Immediately thereafter, the local news shows Clay Davis’ “perp walk,” orchestrated by the state’s attorney, leaving his Grand Jury testimony. (His comments to the assembled television reporters are vintage, oily Clay Davis, who composes himself quickly after being badly shaken when Rhonda reveals some of the evidence they hold against him.) Gus is dismayed to see a story on TV that his own paper has missed completely. When he calls over Bill Zorzi, who covers the Federal courts for The Sun, Zorzi reminds Gus that the paper no longer has daily city court coverage. Zorzi tells Gus facetiously that he’d be happy to take on the city courthouse coverage as well. “In fact,” he generously offers, “why don’t you just stick a broom up my ass and I’ll sweep the floor while I’m at it?” Great line, oft-repeated, can’t find its origin for the life of me.

Scott’s going to help Zorzi run down the Clay Davis story and play “catch up.” Gus closes the scene by lamenting the fact that when the state’s attorney leaked the fact that Clay Davis would be leaving his Grand Jury testimony (“setting up a perp walk”), the newspaper did not get a phone call. “All they care about is the video,” he grumbles.

The next newsroom scene is in the tradition of the “evacuate” scene in episode 51, and is one of the reasons I’m loving this season, as someone familiar with the journalistic profession, as an English teacher, and as a lover of language. A copy editor asks Gus to take a look at the “fifth graph” (paragraph) of Alma’s article about Burrell. It reads, “The mayor, incensed by the commissioner’s performance,…” Jay reads the copy and says “to incense is to inflame with wrath; it speaks to obsession. Is that the mayor’s state of mind?” Jay suggests they use “galled, vexed, annoyed—safer still, displeased.” This sort of back-and-forth banter and debate was more common in newsrooms of old, but is increasingly rare at today’s understaffed, overworked newspapers with high turnover. Gus admiringly says to Jay, “You’d take the crab out of crab soup,” by which I think he means that he’d cut anything unnecessary or errantly cited.

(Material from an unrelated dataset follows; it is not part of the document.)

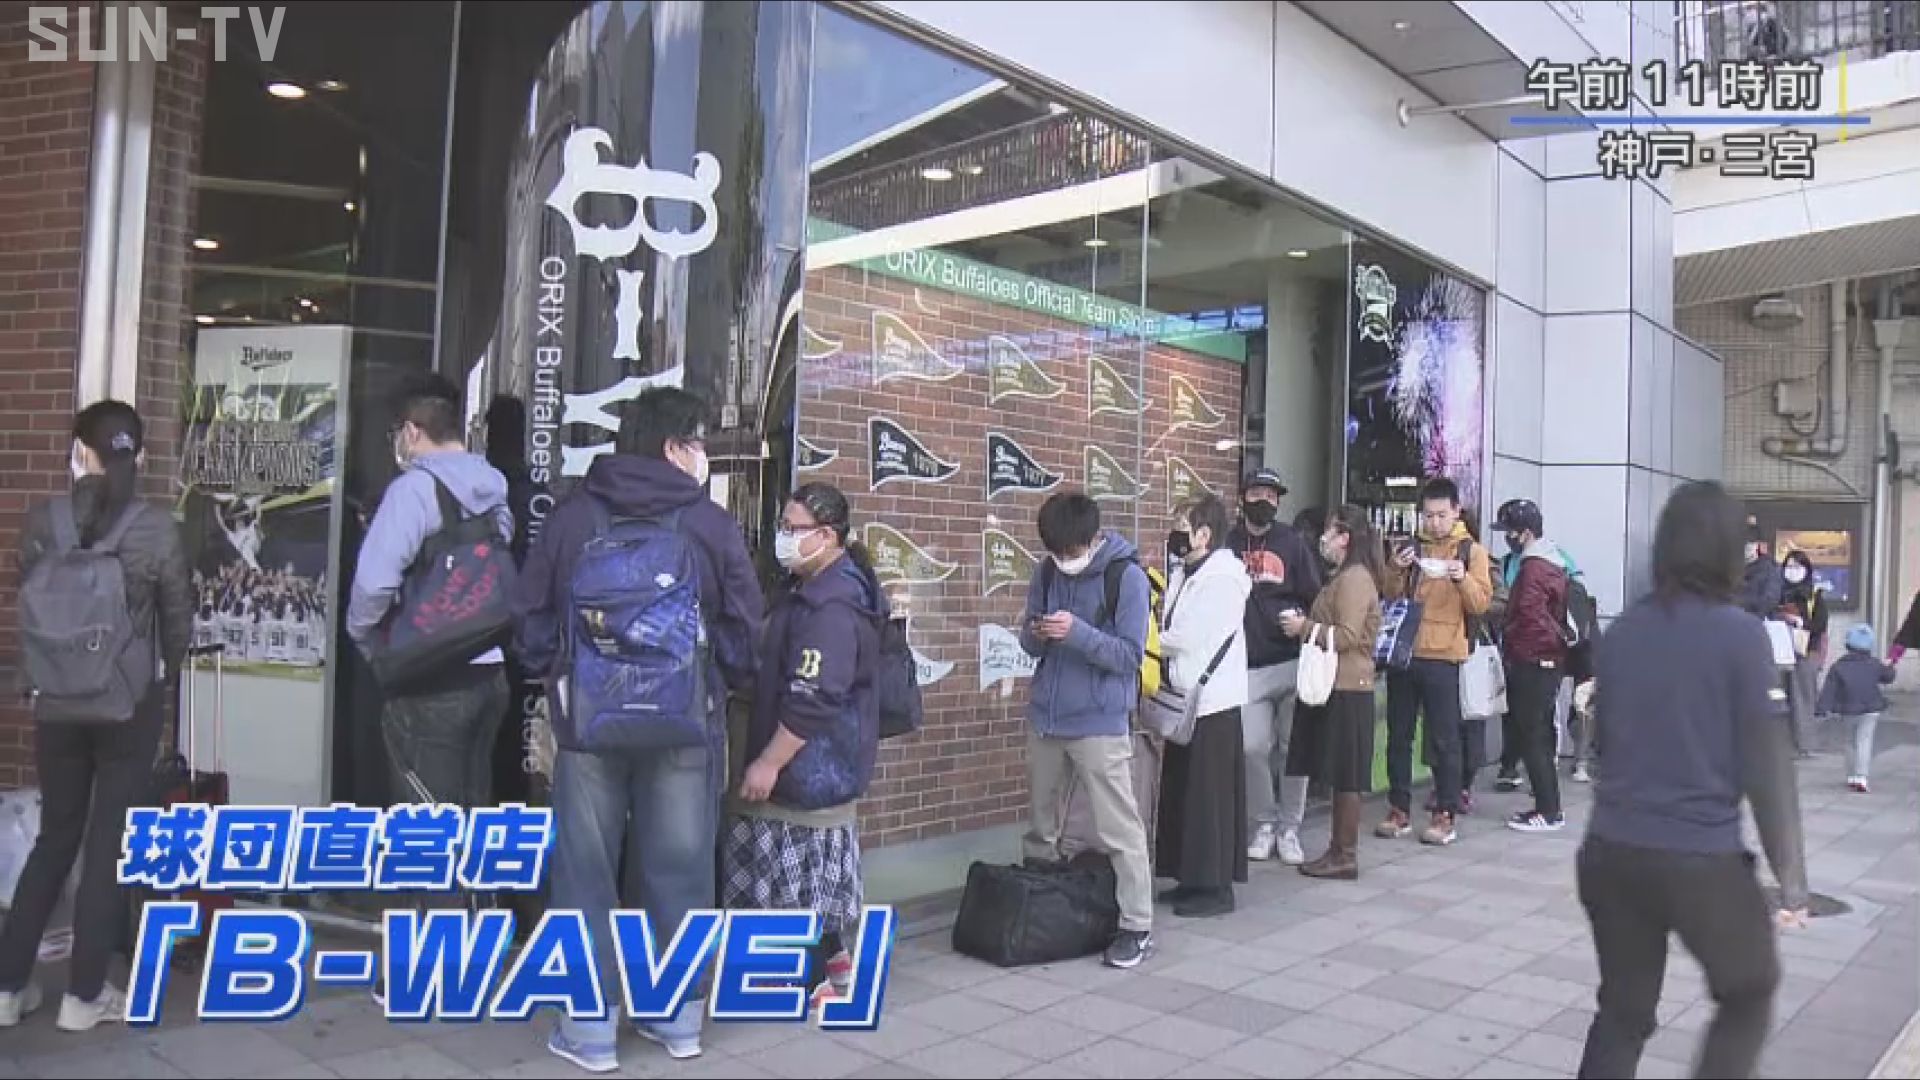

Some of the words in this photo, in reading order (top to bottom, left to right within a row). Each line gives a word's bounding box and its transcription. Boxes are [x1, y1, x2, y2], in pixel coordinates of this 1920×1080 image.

[537, 256, 566, 336] ORIX
[886, 246, 937, 280] ORIX
[941, 258, 1020, 301] Buffaloes
[530, 347, 562, 484] Buffaloes

Gus also gives Scott a rare “atta boy” for his work on the Clay Davis piece, which is not likely to be his choice of words when it comes out that Scott has been cooking his articles.

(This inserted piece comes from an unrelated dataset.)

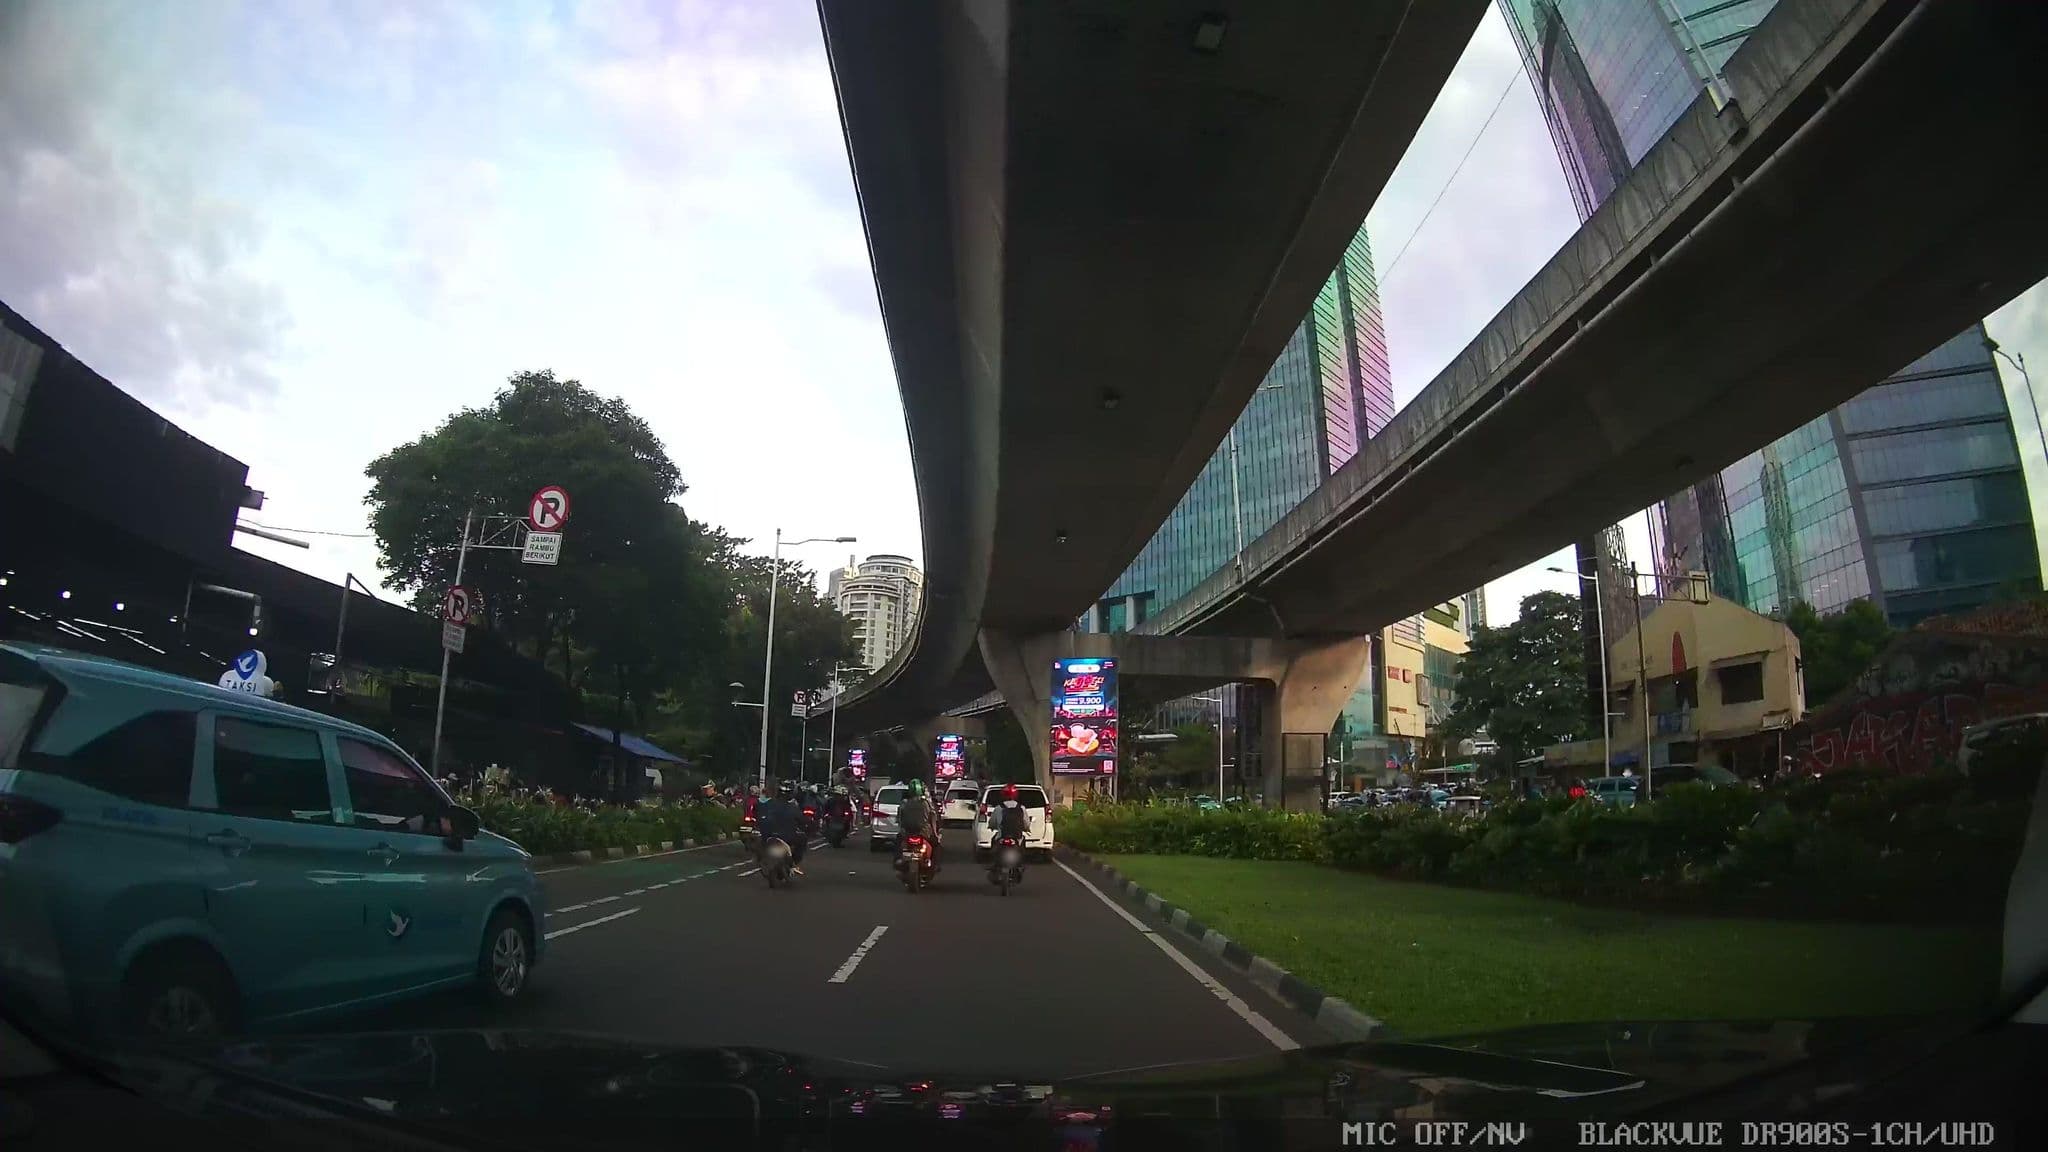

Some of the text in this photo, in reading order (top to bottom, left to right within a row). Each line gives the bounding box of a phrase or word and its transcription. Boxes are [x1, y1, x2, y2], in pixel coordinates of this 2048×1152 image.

[530, 535, 557, 544] SAMPAI
[529, 543, 555, 552] RAMBU
[525, 551, 555, 560] BERIKUT
[226, 679, 257, 692] TAKSI

(A possible error I noticed, which doesn’t happen often on “The Wire”: I thought Alma had the byline on the Burrell article, but when Landsman is reading the paper, it’s difficult to read but I think it’s Roger Twigg on the byline.)

Near the end of the episode, Prop Joe brings Marlo to meet with Levy to discuss his finances (namely, laundering and hiding them more effectively, it would seem). Sitting in Levy’s office reading the paper is Herc, now an investigator. Marlo looks at Herc and asks, “you ever find that camera?” and Herc replies, “it cost me the job.” Herc is such a clueless dolt that I actually enjoyed the fact that Marlo needled him here. As Levy meets privately with Marlo, Herc then makes small talk with Prop Joe about the fact that Burrell is out as commissioner. Prop Joe says, “Ervin was a year before me at Dunbar. He was in the glee club.” Pressed further, Joe says Burrell was “stone stupid.” “Dunbar” refers to Paul Laurence Dunbar High School in Baltimore, named after the African American poet (the school’s sports teams are even called the Poets).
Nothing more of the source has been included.